==== Dataset content ====

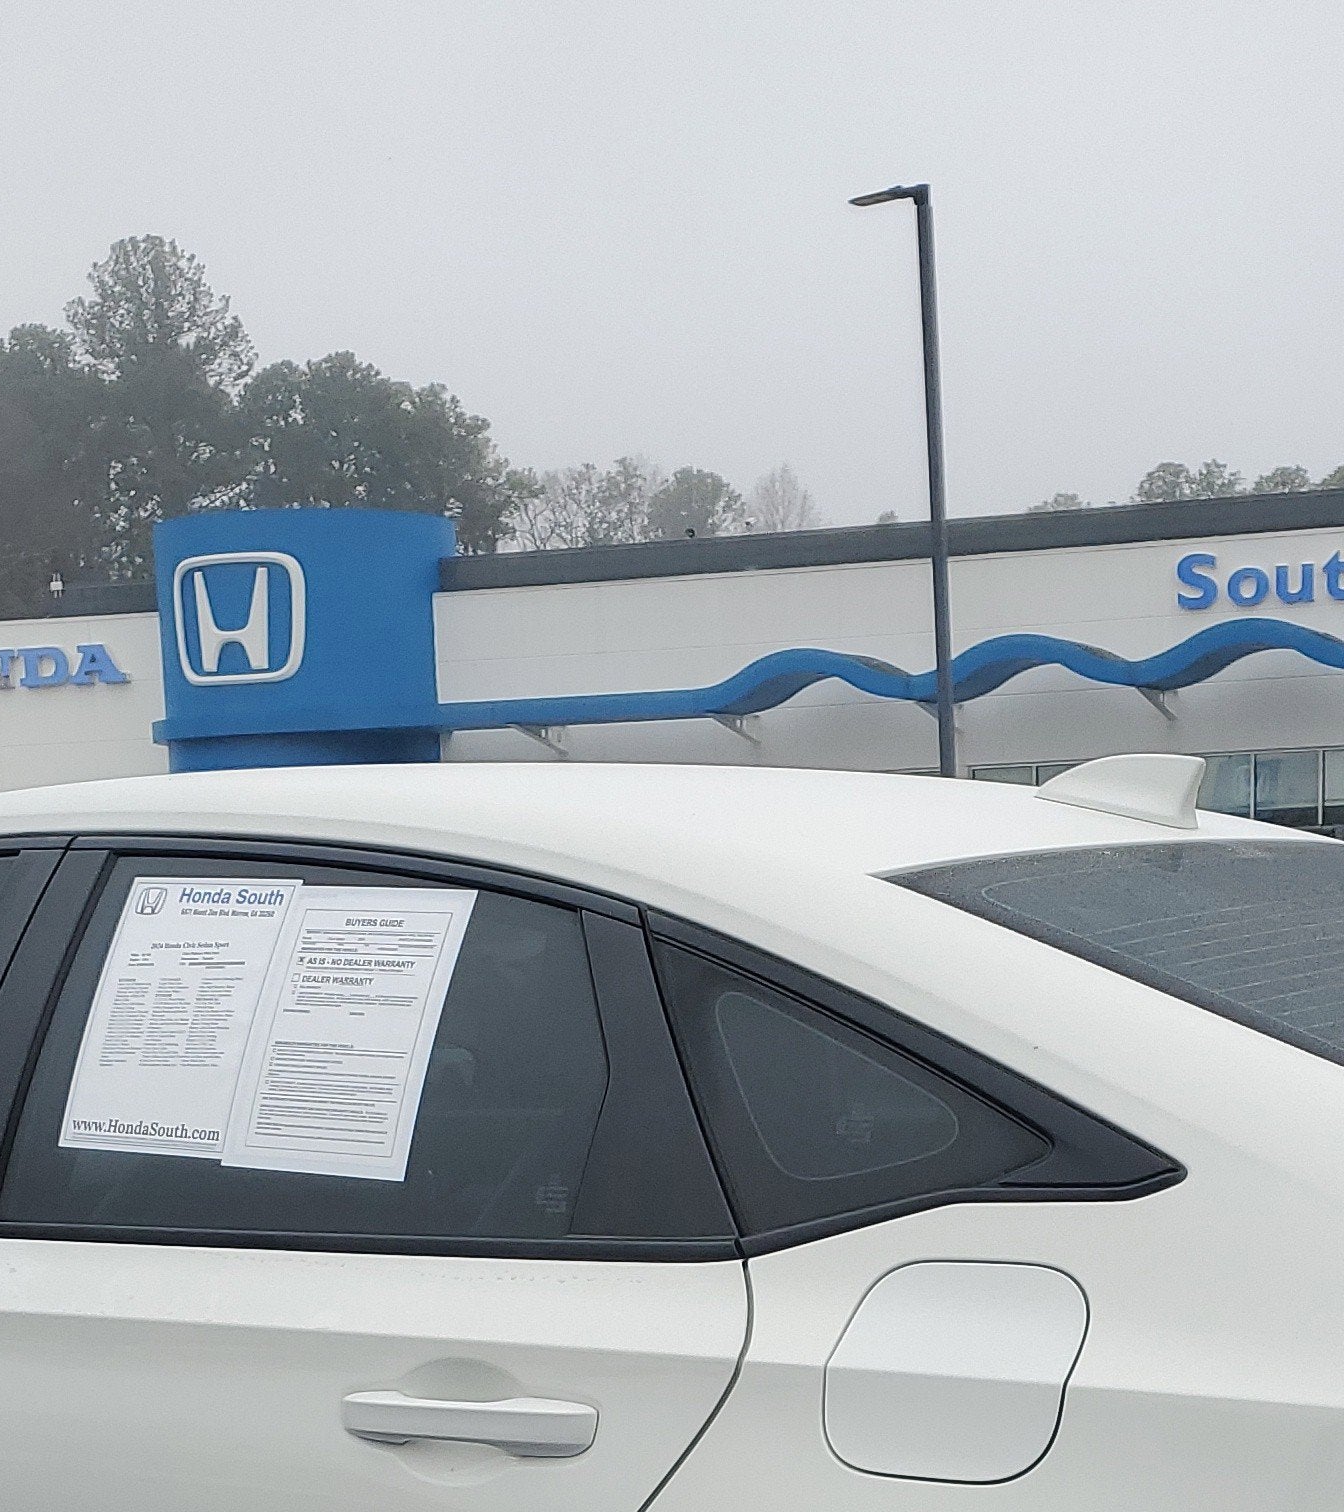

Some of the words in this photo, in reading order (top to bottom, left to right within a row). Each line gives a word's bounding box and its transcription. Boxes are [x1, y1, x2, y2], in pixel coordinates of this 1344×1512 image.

[179, 887, 232, 904] Honda
[235, 888, 285, 906] South
[345, 918, 378, 927] BUYERS
[379, 919, 405, 928] GUIDE
[307, 957, 317, 965] AS
[317, 957, 326, 966] IS
[331, 958, 343, 966] NO
[342, 958, 373, 967] DEALER
[373, 960, 416, 969] WARRANTY
[301, 975, 332, 984] DEALER
[332, 976, 375, 986] WARRANTY
[72, 1118, 220, 1142] www.HondaSouth.com
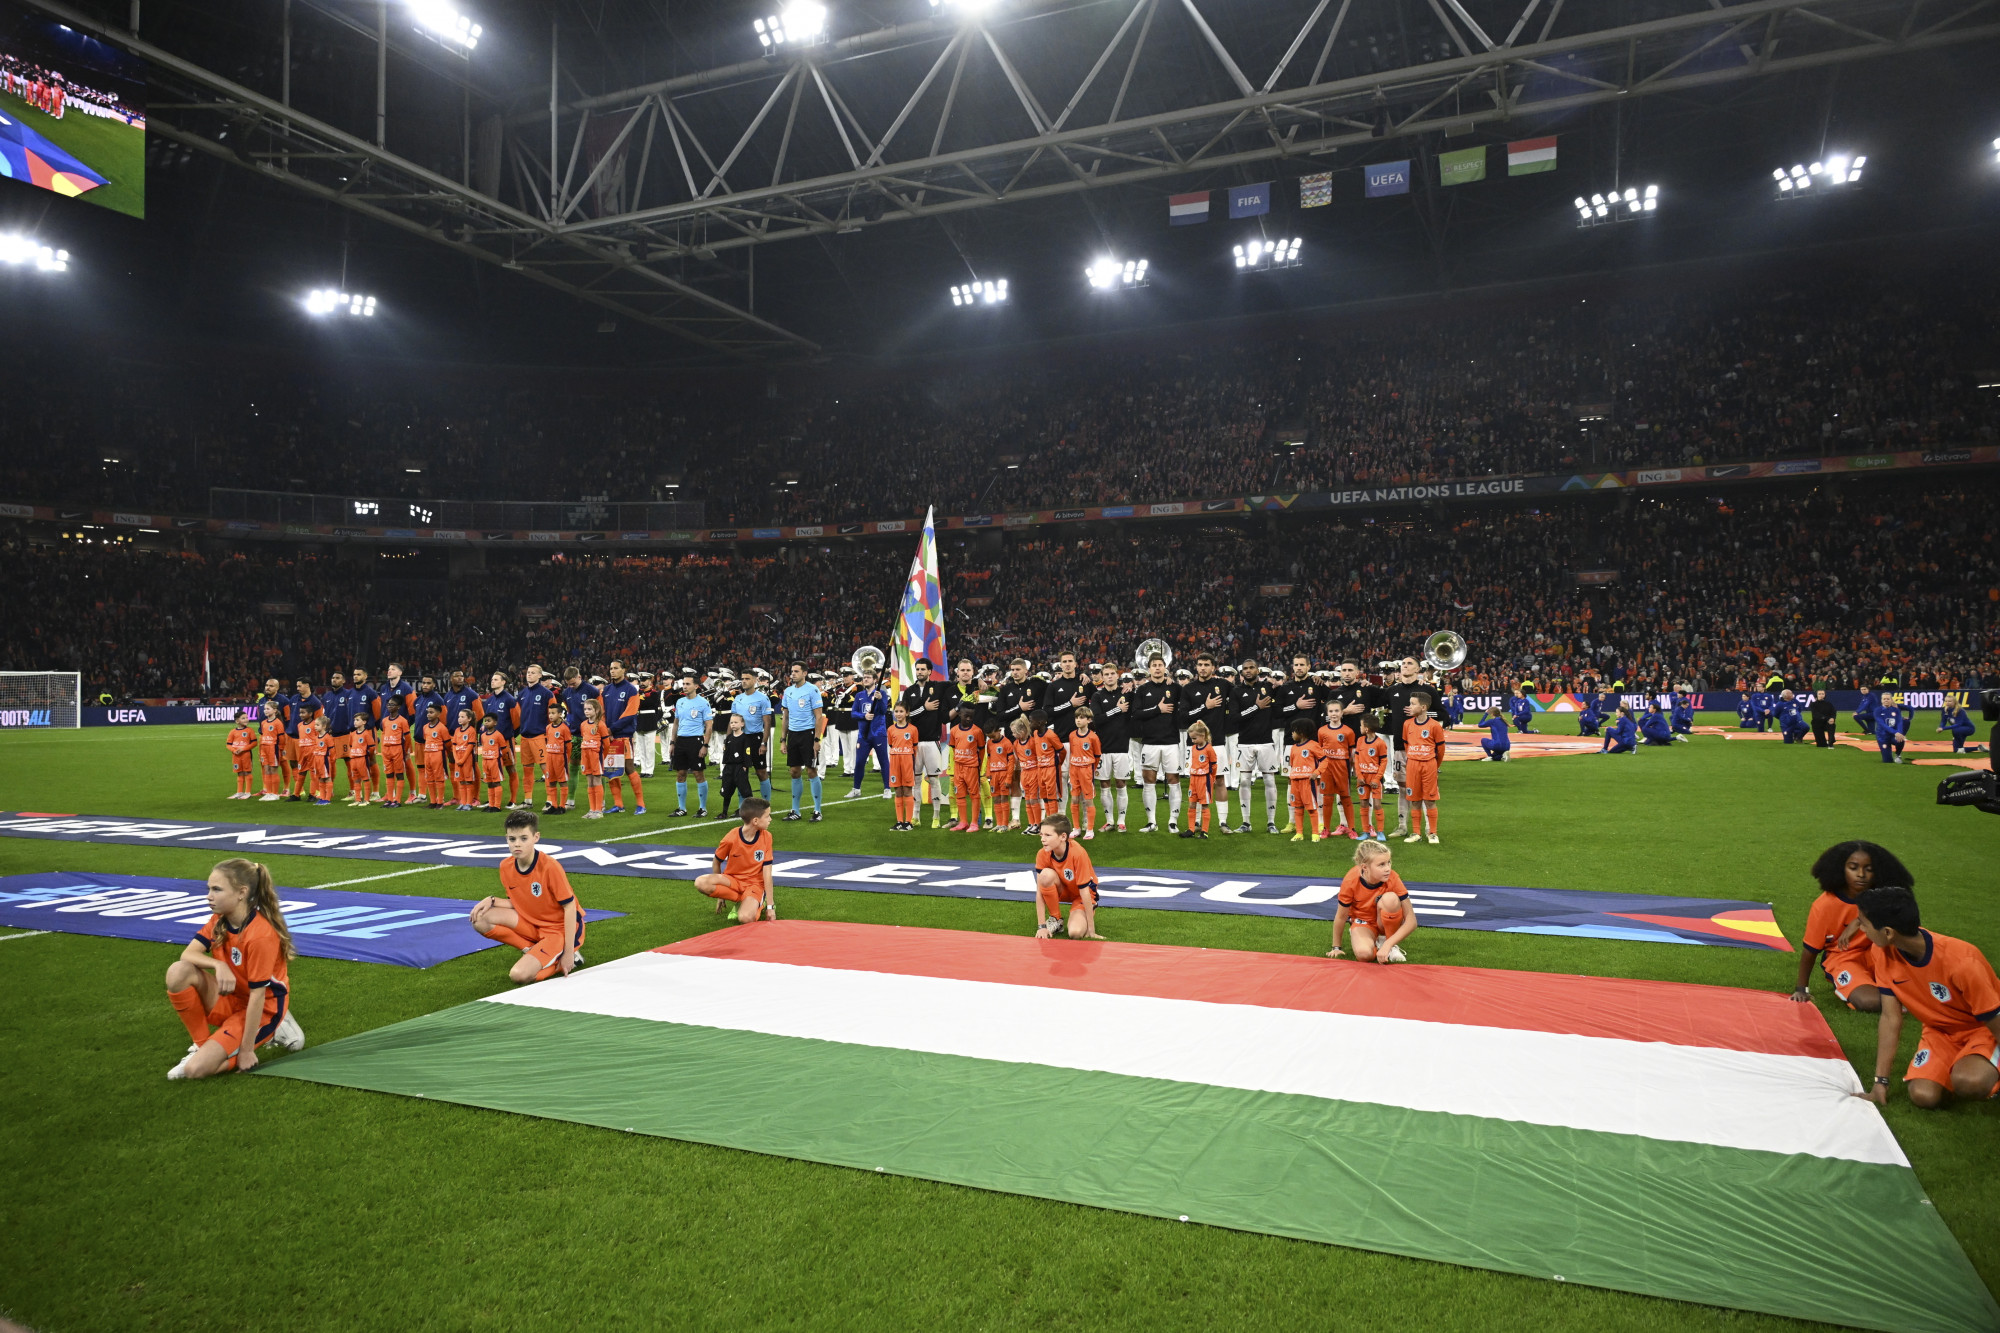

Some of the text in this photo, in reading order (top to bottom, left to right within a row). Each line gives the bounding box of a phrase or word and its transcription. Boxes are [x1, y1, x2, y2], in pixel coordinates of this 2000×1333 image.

====

- **Work order**
Repeat all the material exactly, but keep pictures out of the copy.

- **Response to the task**
Some of the words in this photo, in reading order (top to bottom, left to right within a row). Each line gives a word's bounding box and its transcription. Boxes are [x1, y1, x2, y2], in pixel coordinates of this 1344×1512 image.

[179, 887, 232, 904] Honda
[235, 888, 285, 906] South
[345, 918, 378, 927] BUYERS
[379, 919, 405, 928] GUIDE
[307, 957, 317, 965] AS
[317, 957, 326, 966] IS
[331, 958, 343, 966] NO
[342, 958, 373, 967] DEALER
[373, 960, 416, 969] WARRANTY
[301, 975, 332, 984] DEALER
[332, 976, 375, 986] WARRANTY
[72, 1118, 220, 1142] www.HondaSouth.com

Some of the text in this photo, in reading order (top to bottom, left to right within a row). Each line gives the bounding box of a phrase or word and its transcription. Boxes are [x1, y1, x2, y2], in pixel coordinates of this 2000×1333 image.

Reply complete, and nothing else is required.